Что такое обломовщина?

Проклятие, что обрекло Обломова на смерть, а Лаврецкого на бессчастье, названо самим героем Гончарова — «обломовщиной». Это «ядовитое» слово, найденное Штольцем для обличения Обломова (с целью его пробуждения), герой в сцене разрыва с Ольгой использует уже для самообличения. Последнее выглядит некоторой психологической натяжкой, но перед нами еще одно, дополнительное подтверждение настойчивости Гончарова во внедрении именно этого понятия в сознание своего читателя (в конце жизни романист, правда, упрекал себя за излишнюю «сознательность» в выявлении ведущего мотива).

Понятие «обломовщина» многомерно и трактовалось, естественно, по-разному: в социальных категориях (порождение определенного общественного порядка), в национальных (проявление веками сложившейся ментальности), общечеловеческих (исконная примета некоторых натур)... Все аспекты понятия взаимосвязаны и только в совокупности соотносятся со смыслом, что несет великий роман.

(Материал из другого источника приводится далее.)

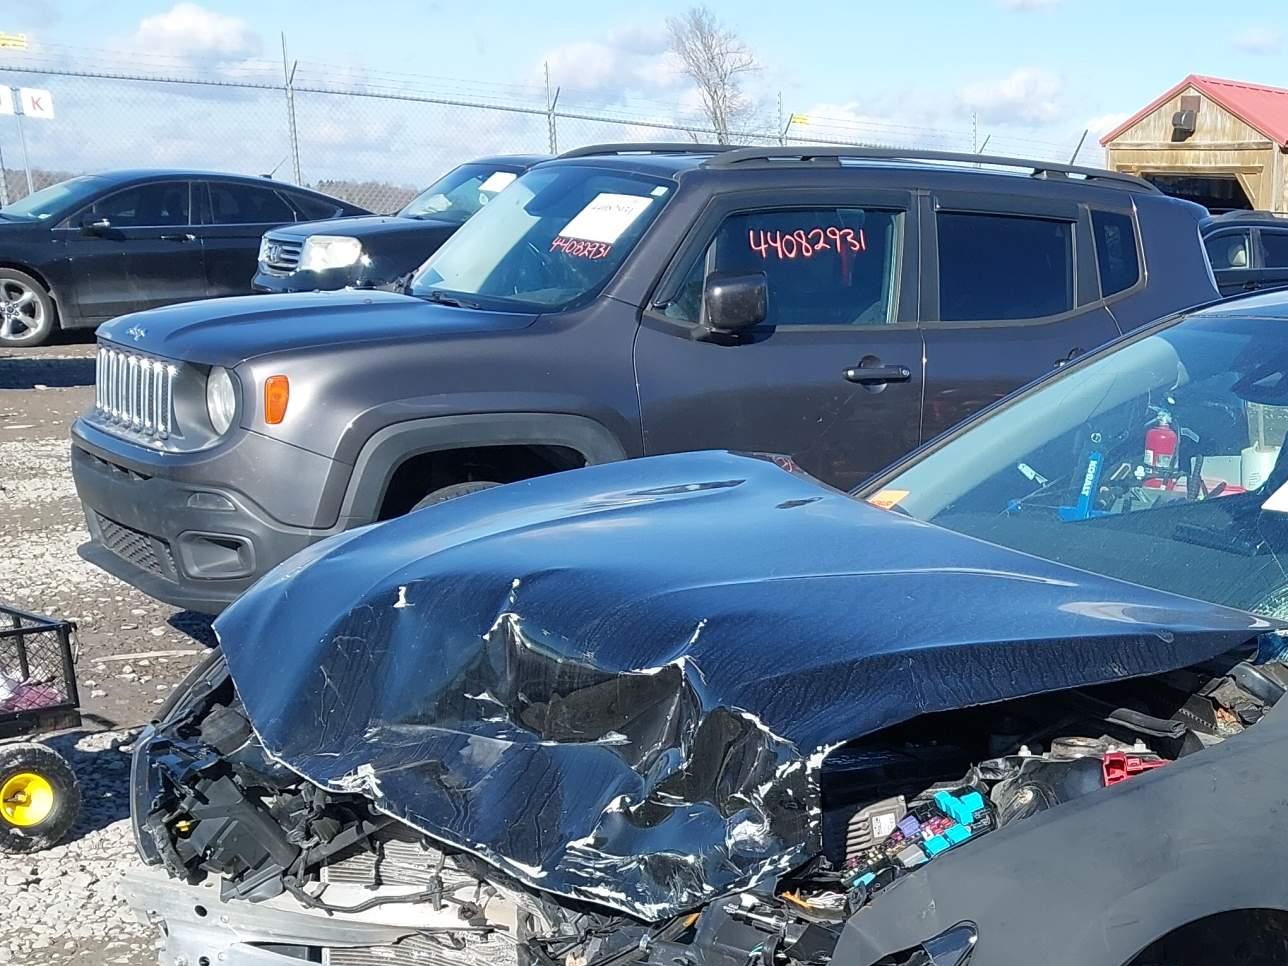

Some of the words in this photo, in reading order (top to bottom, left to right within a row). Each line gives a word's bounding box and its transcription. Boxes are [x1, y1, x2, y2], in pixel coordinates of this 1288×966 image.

[30, 95, 45, 112] K
[549, 236, 612, 260] 44082931
[748, 226, 867, 259] 44082931

Любопытны сдвиги в восприятии гончаровского открытия на протяжении почти ста пятидесяти лет. В момент публикации «Обломова» явно превалировала социальная трактовка, высказанная с очевидным блеском в статье Н. А. Добролюбова «Что такое обломовщина?». Критик, естественно, опирался, прежде всего, на первую часть

- 350 -

«Обломова», являющую собой «роман отрицания». Хотя Гончаров и был недоволен именно этой частью, он хвалил статью Добролюбова и далеко не только потому, что она была практически первой и высоко оценивала роман. Накануне отмены крепостного права, по словам современника, обществу «нужно было яркое воплощение нашей апатии, нужна была кличка для обозначения нашей дореформенной косности»155. И статья Добролюбова отвечала настроению времени, что, безусловно, понял и оценил сам Гончаров.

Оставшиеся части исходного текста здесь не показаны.